Records from a collection:
----------

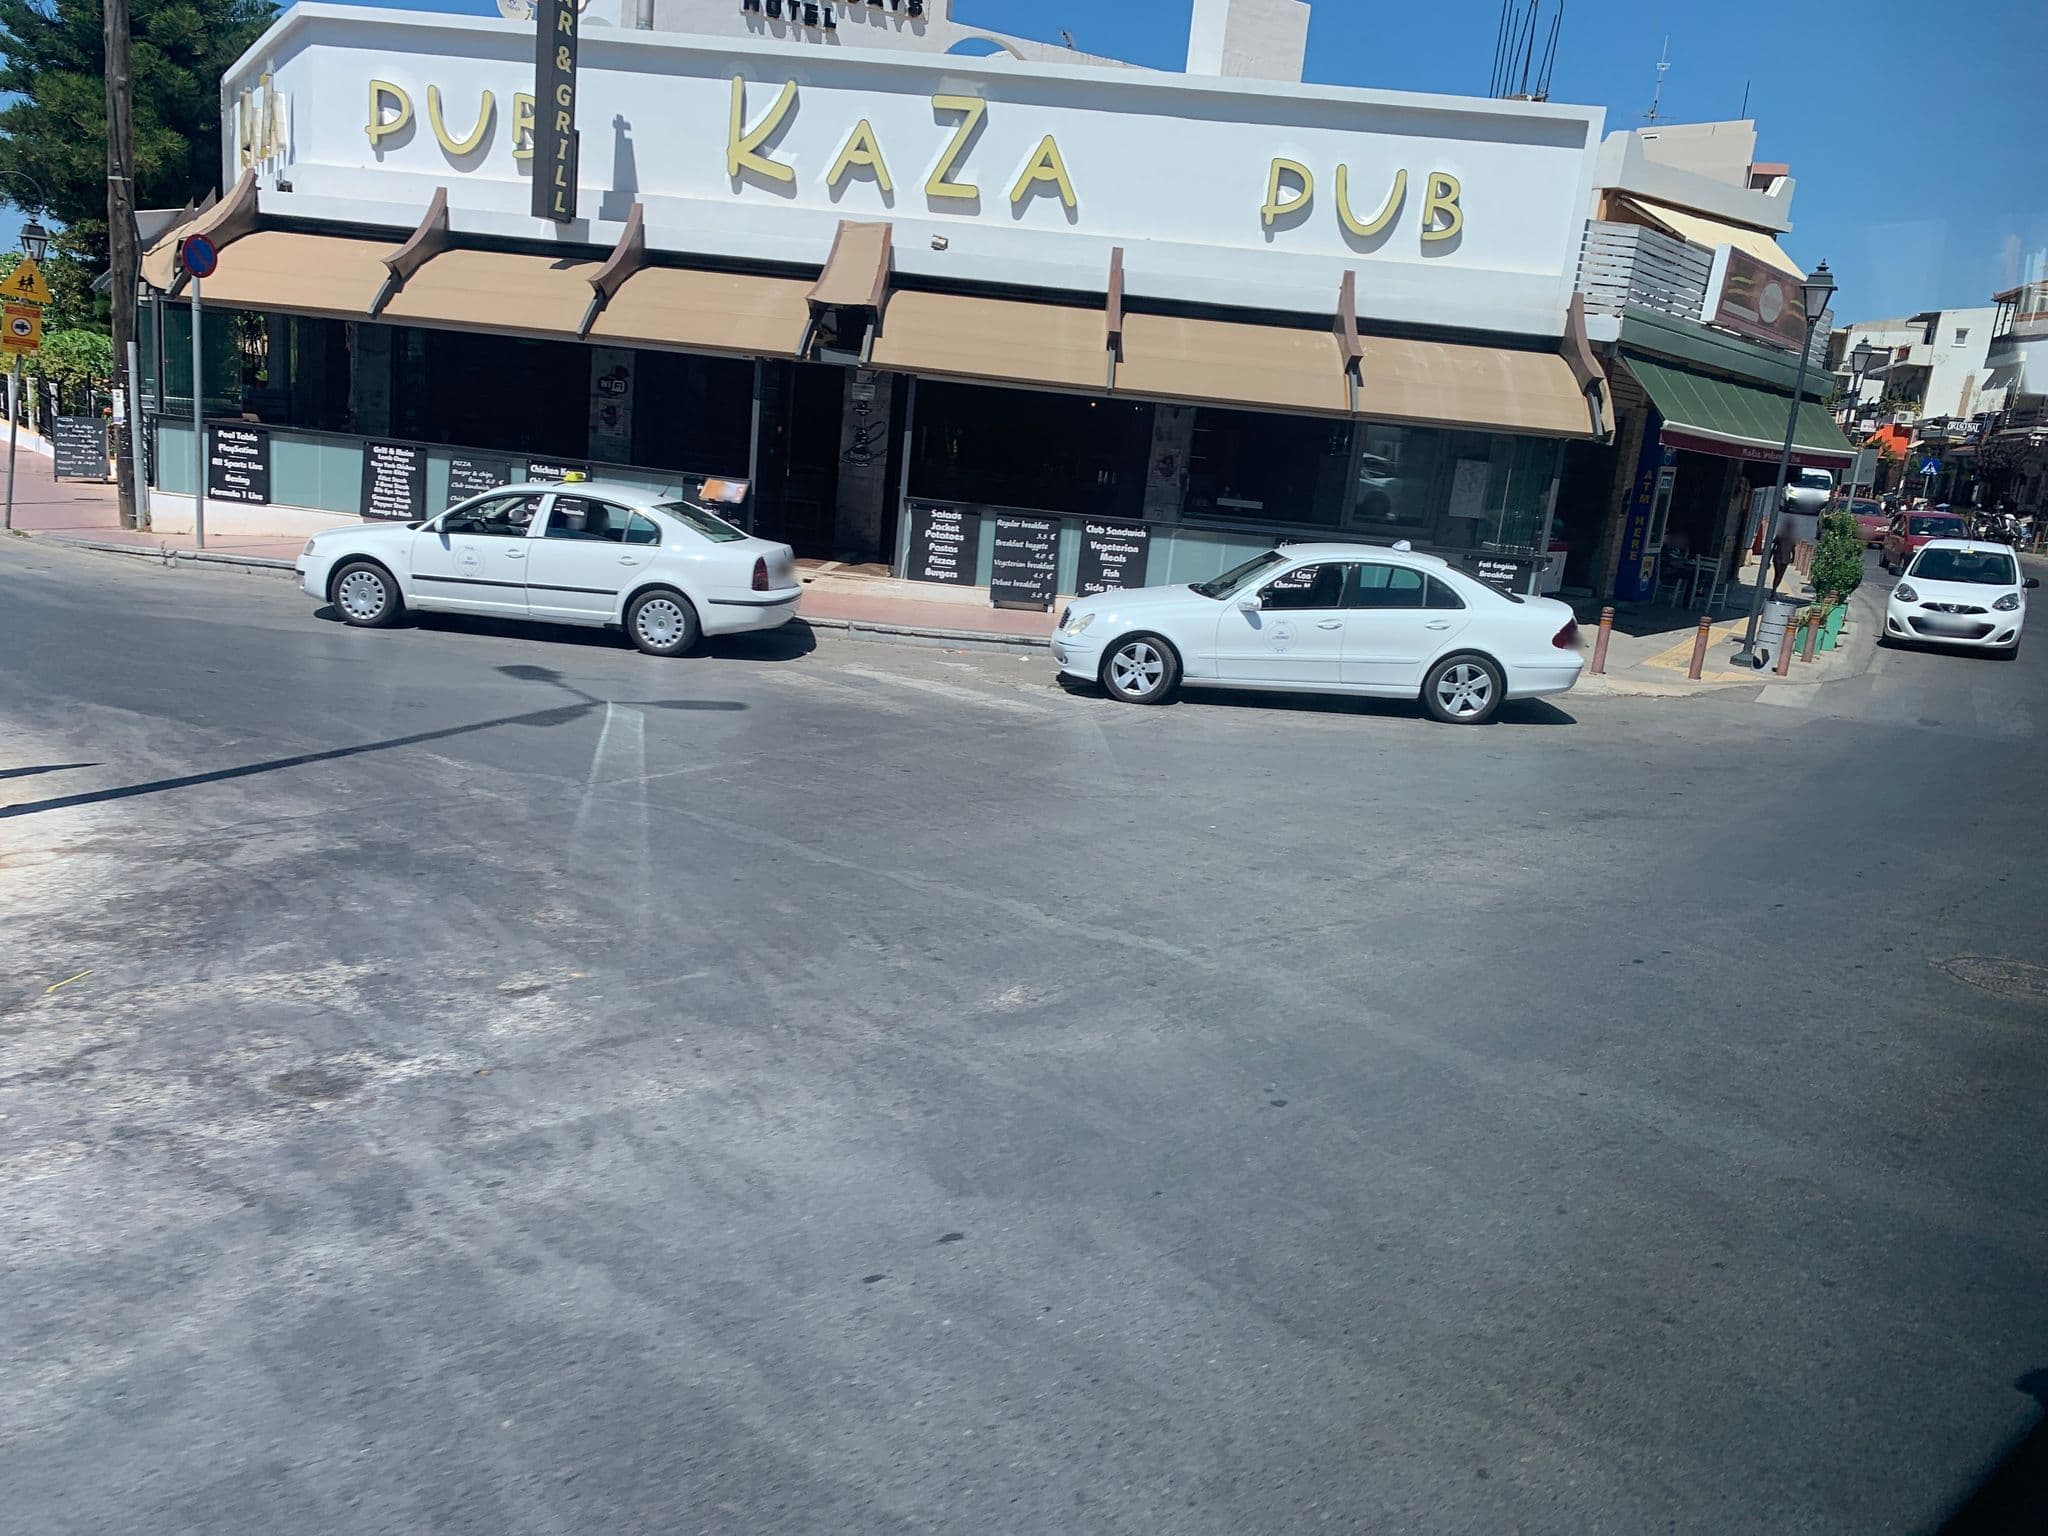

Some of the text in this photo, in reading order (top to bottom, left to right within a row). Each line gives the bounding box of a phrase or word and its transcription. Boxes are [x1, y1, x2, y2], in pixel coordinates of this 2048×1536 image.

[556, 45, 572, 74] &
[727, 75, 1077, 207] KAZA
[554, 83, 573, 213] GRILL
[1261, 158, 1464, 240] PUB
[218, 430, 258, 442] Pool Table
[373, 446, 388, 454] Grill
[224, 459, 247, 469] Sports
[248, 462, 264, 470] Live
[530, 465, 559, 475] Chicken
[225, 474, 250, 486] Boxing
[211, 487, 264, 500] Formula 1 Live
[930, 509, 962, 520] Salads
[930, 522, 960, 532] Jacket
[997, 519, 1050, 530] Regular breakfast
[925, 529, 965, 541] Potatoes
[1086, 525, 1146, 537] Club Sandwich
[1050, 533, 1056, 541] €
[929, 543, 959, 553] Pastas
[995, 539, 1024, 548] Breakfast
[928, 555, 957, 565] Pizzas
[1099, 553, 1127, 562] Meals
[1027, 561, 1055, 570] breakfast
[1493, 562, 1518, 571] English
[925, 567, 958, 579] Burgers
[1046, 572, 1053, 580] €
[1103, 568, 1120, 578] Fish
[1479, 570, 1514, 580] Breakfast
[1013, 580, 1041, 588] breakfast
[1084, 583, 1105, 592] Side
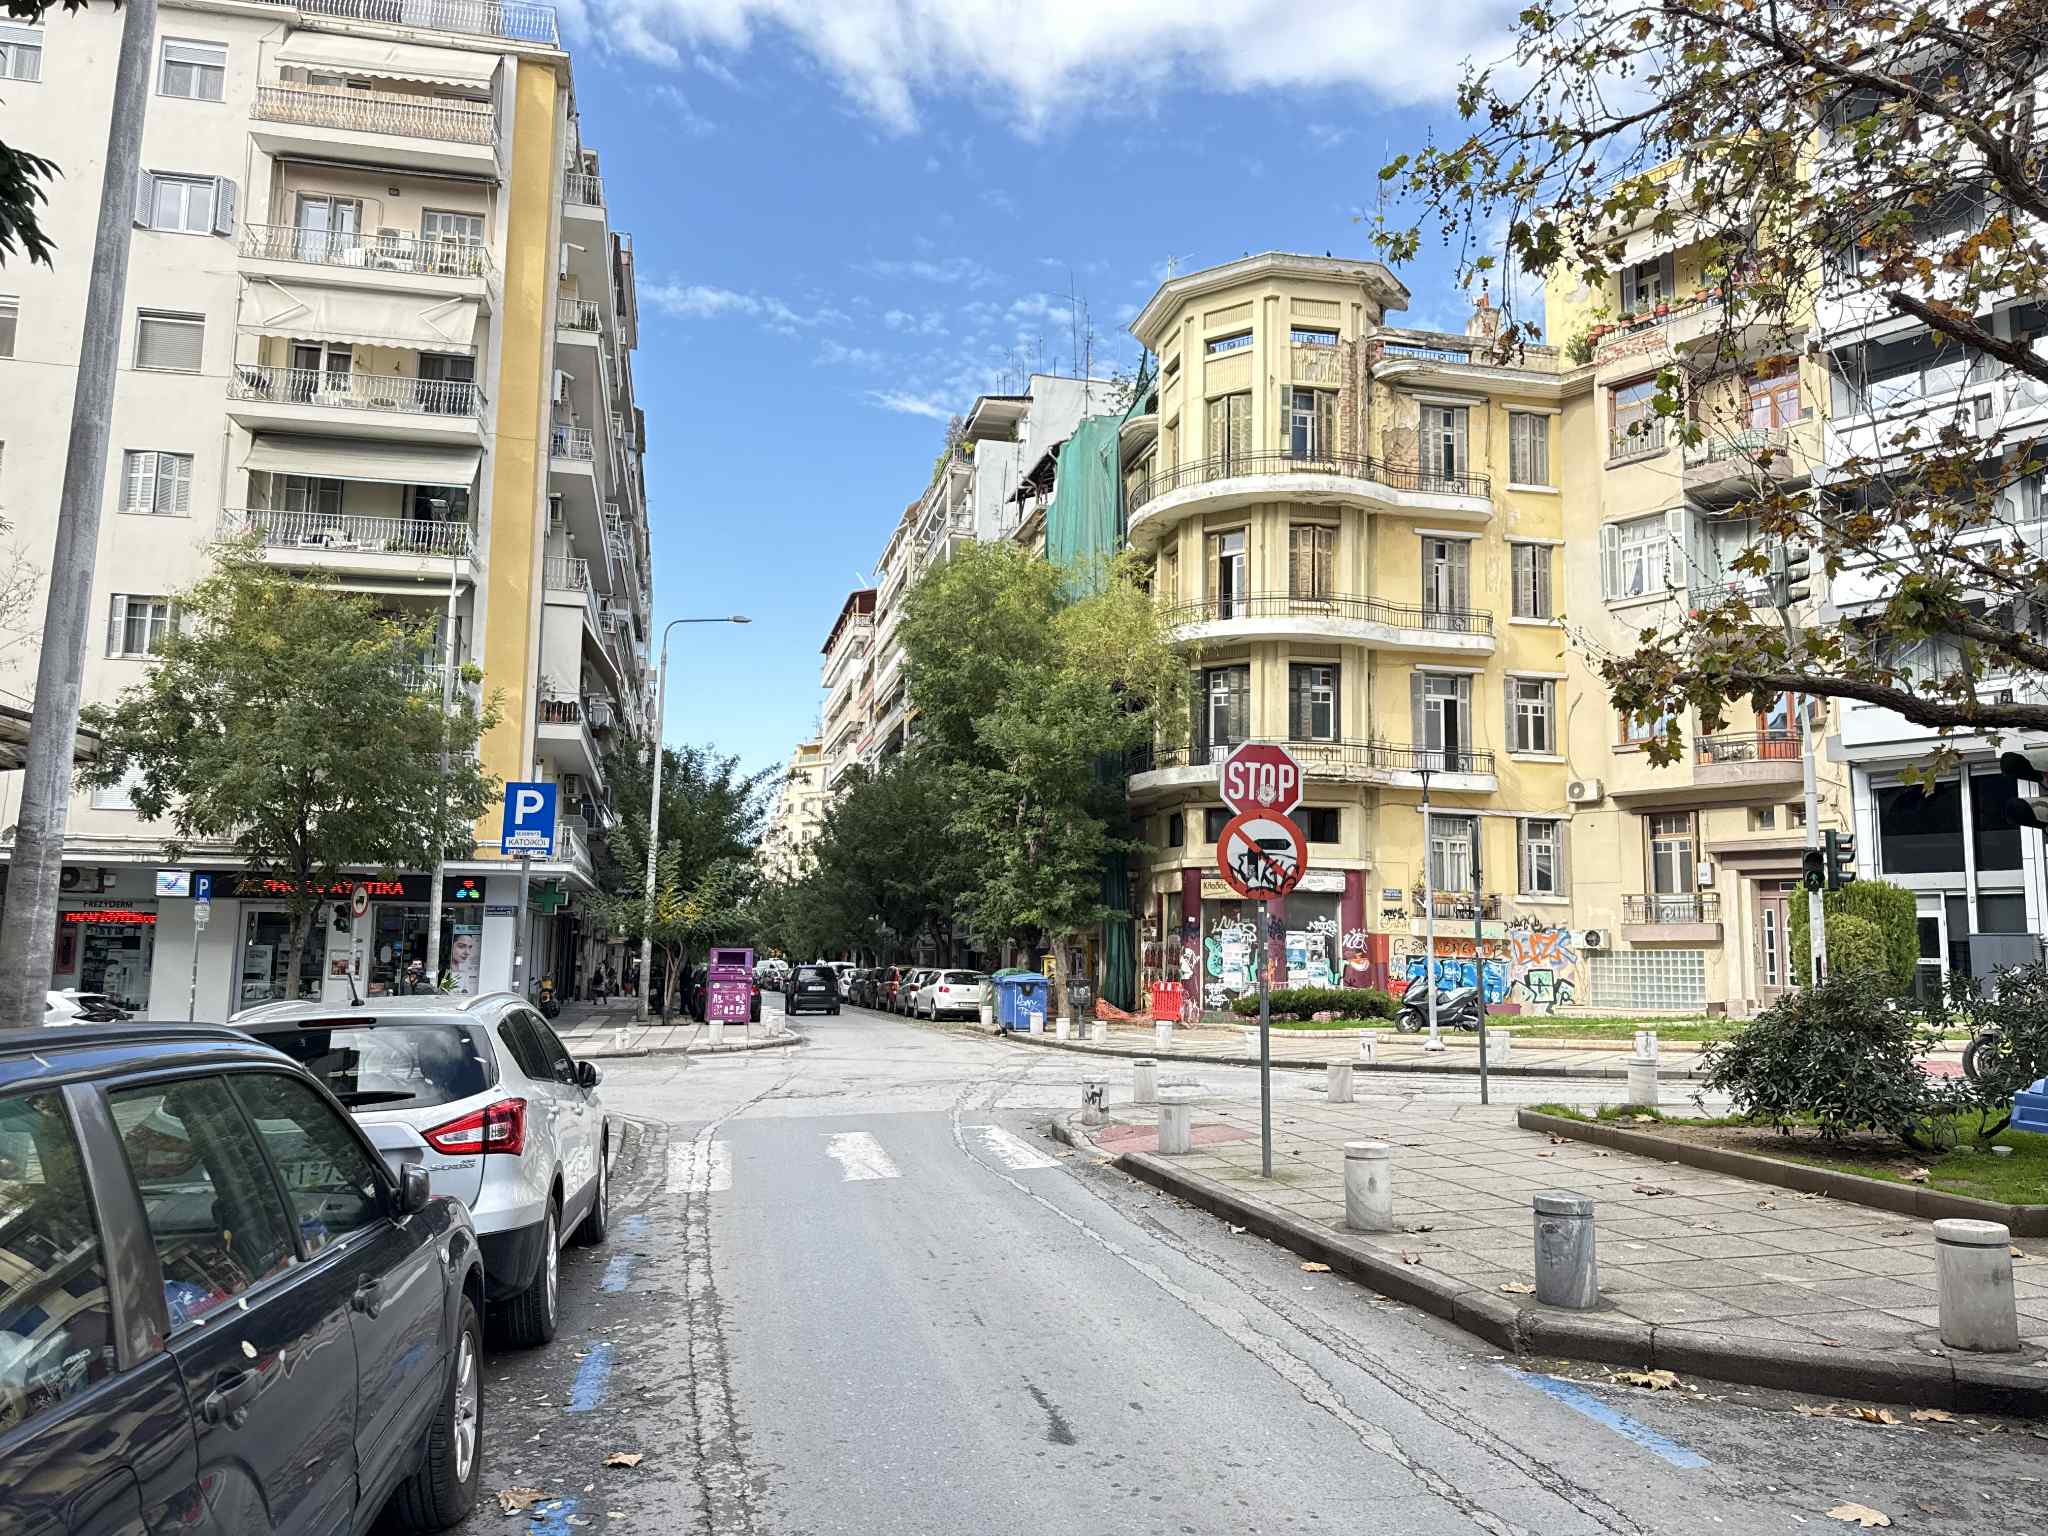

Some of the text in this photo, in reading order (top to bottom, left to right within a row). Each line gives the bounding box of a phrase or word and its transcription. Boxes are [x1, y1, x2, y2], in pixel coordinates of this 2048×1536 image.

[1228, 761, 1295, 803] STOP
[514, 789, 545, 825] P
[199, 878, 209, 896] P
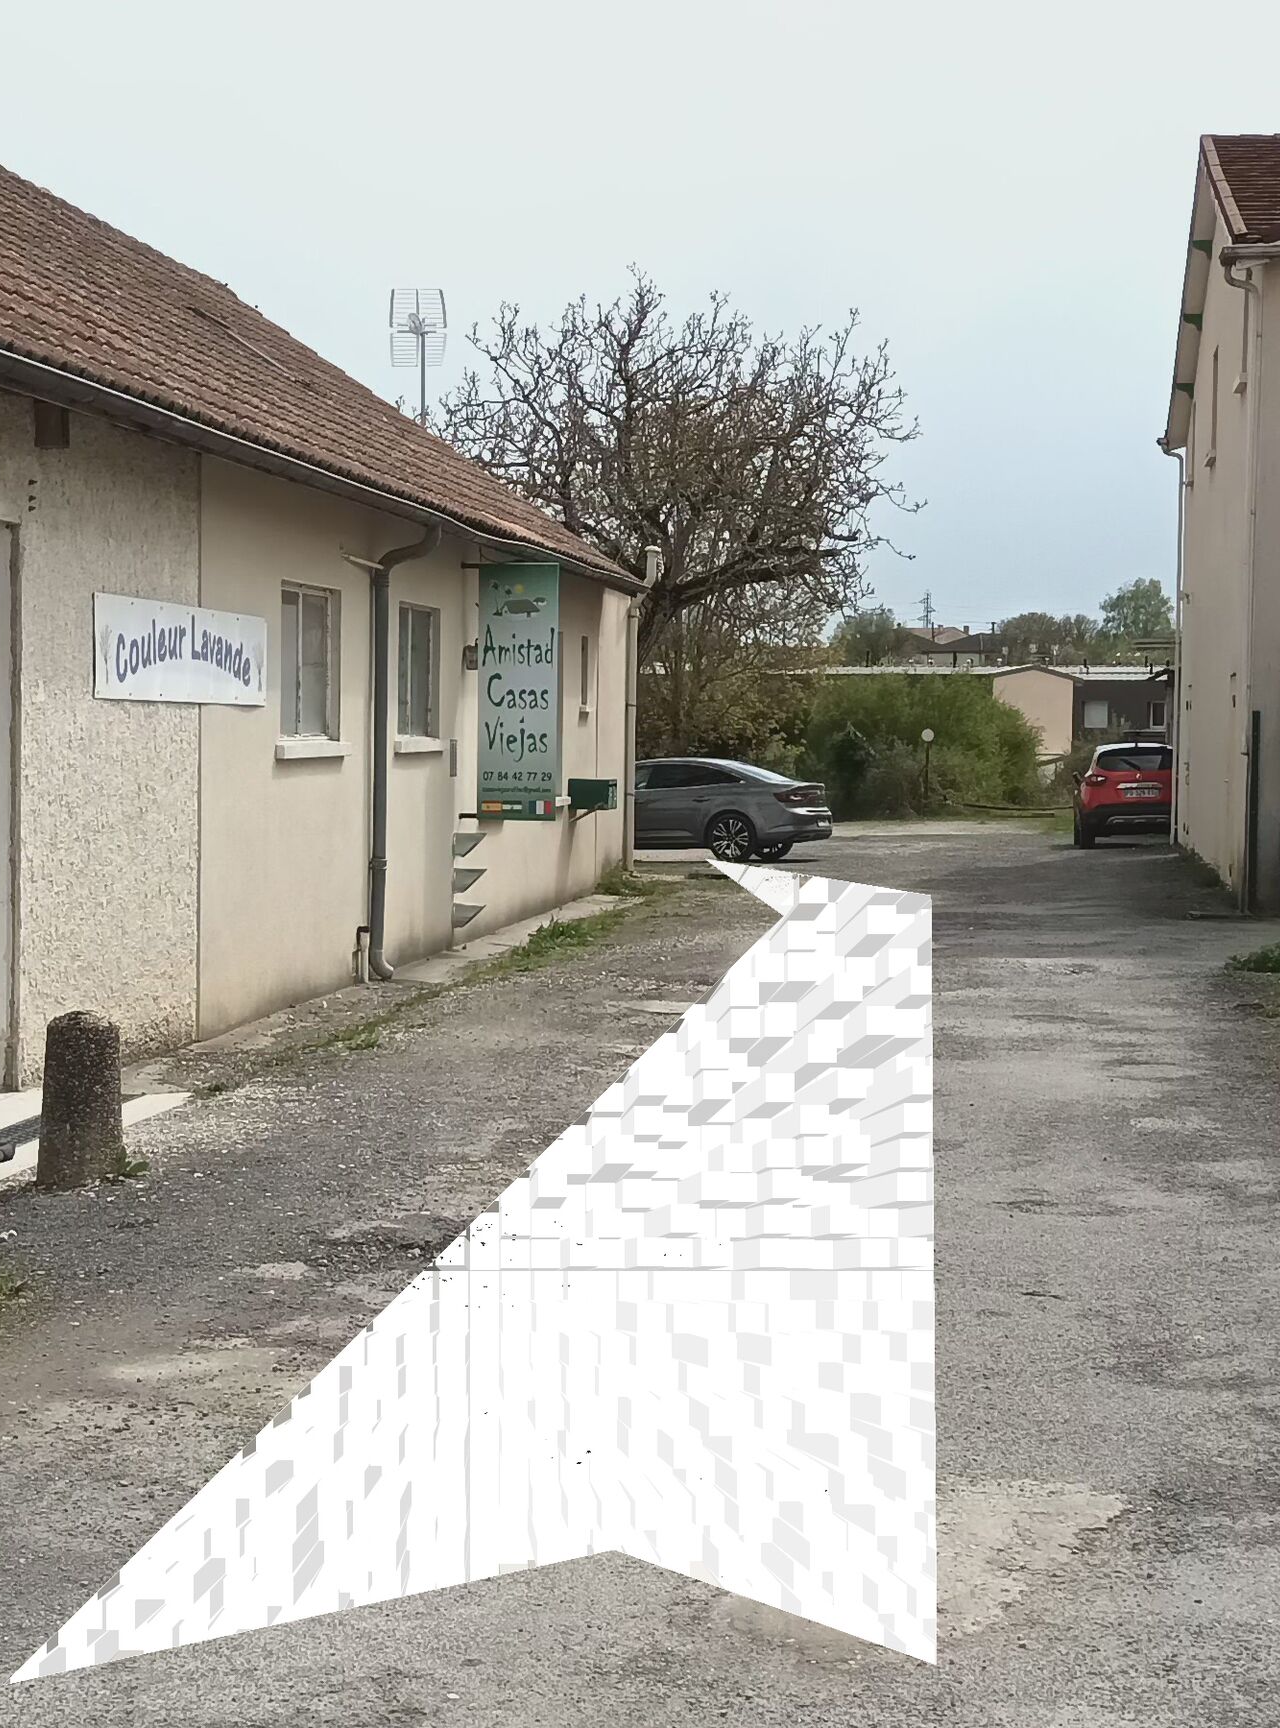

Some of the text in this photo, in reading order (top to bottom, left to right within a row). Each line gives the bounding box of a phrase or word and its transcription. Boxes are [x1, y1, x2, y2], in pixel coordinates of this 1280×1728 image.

----------

# What you will do
Excluding the pictures, transcribe all of the entries exactly.

# Finished exercise
Some of the text in this photo, in reading order (top to bottom, left to right within a row). Each line gives the bounding box of a phrase or word and its transcription. Boxes are [x1, y1, x2, y2], in pixel coordinates of this 2048×1536 image.

[556, 45, 572, 74] &
[727, 75, 1077, 207] KAZA
[554, 83, 573, 213] GRILL
[1261, 158, 1464, 240] PUB
[218, 430, 258, 442] Pool Table
[373, 446, 388, 454] Grill
[224, 459, 247, 469] Sports
[248, 462, 264, 470] Live
[530, 465, 559, 475] Chicken
[225, 474, 250, 486] Boxing
[211, 487, 264, 500] Formula 1 Live
[930, 509, 962, 520] Salads
[930, 522, 960, 532] Jacket
[997, 519, 1050, 530] Regular breakfast
[925, 529, 965, 541] Potatoes
[1086, 525, 1146, 537] Club Sandwich
[1050, 533, 1056, 541] €
[929, 543, 959, 553] Pastas
[995, 539, 1024, 548] Breakfast
[928, 555, 957, 565] Pizzas
[1099, 553, 1127, 562] Meals
[1027, 561, 1055, 570] breakfast
[1493, 562, 1518, 571] English
[925, 567, 958, 579] Burgers
[1046, 572, 1053, 580] €
[1103, 568, 1120, 578] Fish
[1479, 570, 1514, 580] Breakfast
[1013, 580, 1041, 588] breakfast
[1084, 583, 1105, 592] Side

Some of the text in this photo, in reading order (top to bottom, left to right within a row). Each line gives the bounding box of a phrase or word and its transcription. Boxes are [x1, y1, x2, y2], in pixel coordinates of this 2048×1536 image.

[1228, 761, 1295, 803] STOP
[514, 789, 545, 825] P
[199, 878, 209, 896] P

Some of the text in this photo, in reading order (top to bottom, left to right within a row). Each line gives the bounding box of a phrase or word and its transcription. Boxes are [x1, y1, x2, y2], in pixel coordinates of this 1280×1728 image.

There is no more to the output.